Visualizing COVID-19 beyond counties
To explore more data on COVID-19, please go to covid19.topos.com
One of the many barriers to understanding the impact of COVID-19 in the United States is that most data is being reported by states at the county or city level. There are plenty of good reasons for this –availability, privacy, etc.– but when explaining the geographic distribution of the outbreak, visually some approaches can be misleading or encourage conclusions that aren’t truly backed by the information at hand.
Using absolute counts there are two primary methods in use for displaying cases and deaths on a map. The first is the choropleth map, where county geographies are shaded evenly to represent the underlying data. This is the technique we use for our Covid Compiler project.
Every display choice involves tradeoffs, and several are made here. One issue specific to choropleths is the county area itself is essentially arbitrary but has outsized visual significance in the representation. For example, the large counties of the southwest account for much of the deepest red shading on the map even though we know much of that area consists of unpopulated national park land.
A second method is the proportional symbol map, where instead of shading an area, an icon is placed at the centroid of each county or city and scaled to represent that location’s value.
Again, there are tradeoffs being made to accomplish different goals. One difference with the choropleth is the visibility of the case distribution. It’s easier in this representation to make out detailed differences between counties in the south that have low counts while still getting a feel for how much greater the counts are in and around the heavily impacted New York City area.
However, as in the choropleth, the arbitrary nature of geographic boundaries has a serious impact on how this map is read. For instance, if the New York City count was broken up into its five constituent counties, the collective radiuses might blend in with those of other locations in the northeast corridor, obscuring the scale of the outbreak there. Likewise, if locations elsewhere were aggregated into fewer counties, their counts might appear misleadingly severe.
In this article we address the issue of county boundaries by breaking apart the underlying absolute counts and putting together a map that better represents the impact COVID-19 is having across the country (while still making some tradeoffs).
To accomplish this, we first disaggregate county totals by distributing individual cases or deaths within the geographical boundaries of each county. These locations are chosen at random first in a uniform manner, and then in a weight-based approach based on correlations with metrics available at a more granular level — census tract, raster cell, etc.

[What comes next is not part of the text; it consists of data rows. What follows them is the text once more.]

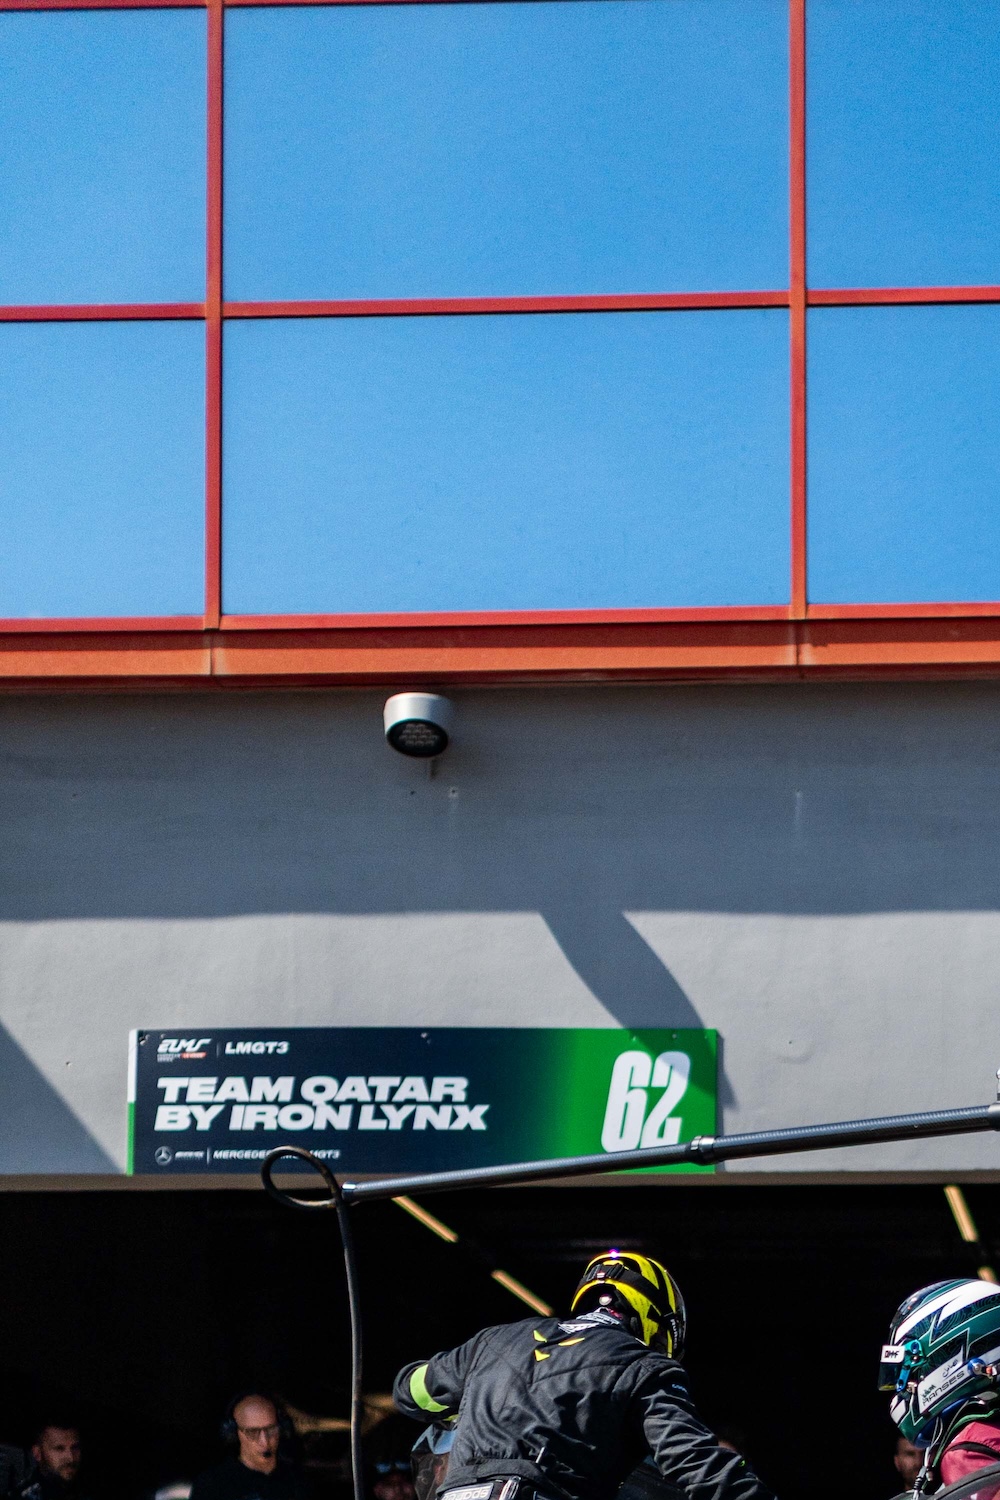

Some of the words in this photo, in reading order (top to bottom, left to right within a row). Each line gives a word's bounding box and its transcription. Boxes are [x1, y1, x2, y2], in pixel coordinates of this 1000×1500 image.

[225, 1041, 290, 1055] LMGT3
[157, 1076, 295, 1102] TEAM
[300, 1076, 468, 1106] QATAR
[601, 1051, 690, 1152] 62
[154, 1105, 224, 1131] BY
[229, 1105, 356, 1131] IRON
[358, 1105, 488, 1131] LYNX

In a second step, we reaggregate those individual values using a discrete global grid. In this article, we use S2 cells which recursively divide the globe into a set of approximately equal area pixels allowing us to choose the level of precision in our visualization.
Map 1: Let’s see what happens if unweighted
For our first attempt, we chose to distribute cases uniformly at random. The visual effect is similar to that of the choropleth map.
Notice the county boundary between Brooklyn and Queens. Intuitively, there’s no reason to believe that the spread of the virus has somehow come to a halt between Bushwick and Ridgewood, but visually this strategy creates a threshold at the arbitrary boundary between the two counties.
Furthermore, we know from news reports and higher resolution information provided by the City of New York that Queens has seen one of the more significant outbreaks in the city; here it appears to have a lower intensity than its neighboring borough — the disparate county sizes visually dilute the represented value.
We can address these issues by leveraging a more detailed quantitative understanding of the underlying geographies within these counties.
Map 2: Using population data to distribute cases
In our next attempt we apply weights to determine how cases are distributed within counties. The most intuitive metric to use here is population, based on the assumption that case counts of COVID-19 are proportional to the number of people living within a given area. Like many metrics provided by the American Community Survey (ACS), population data is available by census block group, a considerably more granular unit than county.
Looking again at New York, we see that the arbitrary threshold discussed above has dissolved and that the magnitude of the impact on Queens is now more clearly visible.
This map shows the same data, but without the two visually misleading effects present in our first map.
Problems that remain and where to go from here
The assumption made earlier —that people are equally likely to have contracted COVID-19 within a given area— may hold at a very high level but is overall intuitively and empirically problematic. We’ve seen significant outbreaks in high-risk work places, disproportionate deaths in communities that are historically disadvantaged, and case counts that correlate negatively with density.
That’s why it’s critical when using the mapping method described in this article (or any visualization), to understand the tradeoffs involved and work to ensure that the overall representation does not create a sense of false precision or indicate conclusions that are unwarranted by the available data. Our goal has been to add incremental improvements to the geographic methods governing the understanding of COVID-19.
One application of this methodology that could help clarify existing reporting with geographical significance is to leverage known correlations with infection and death from COVID-19 as weights in the distribution, techniques which we’ll be exploring in later posts.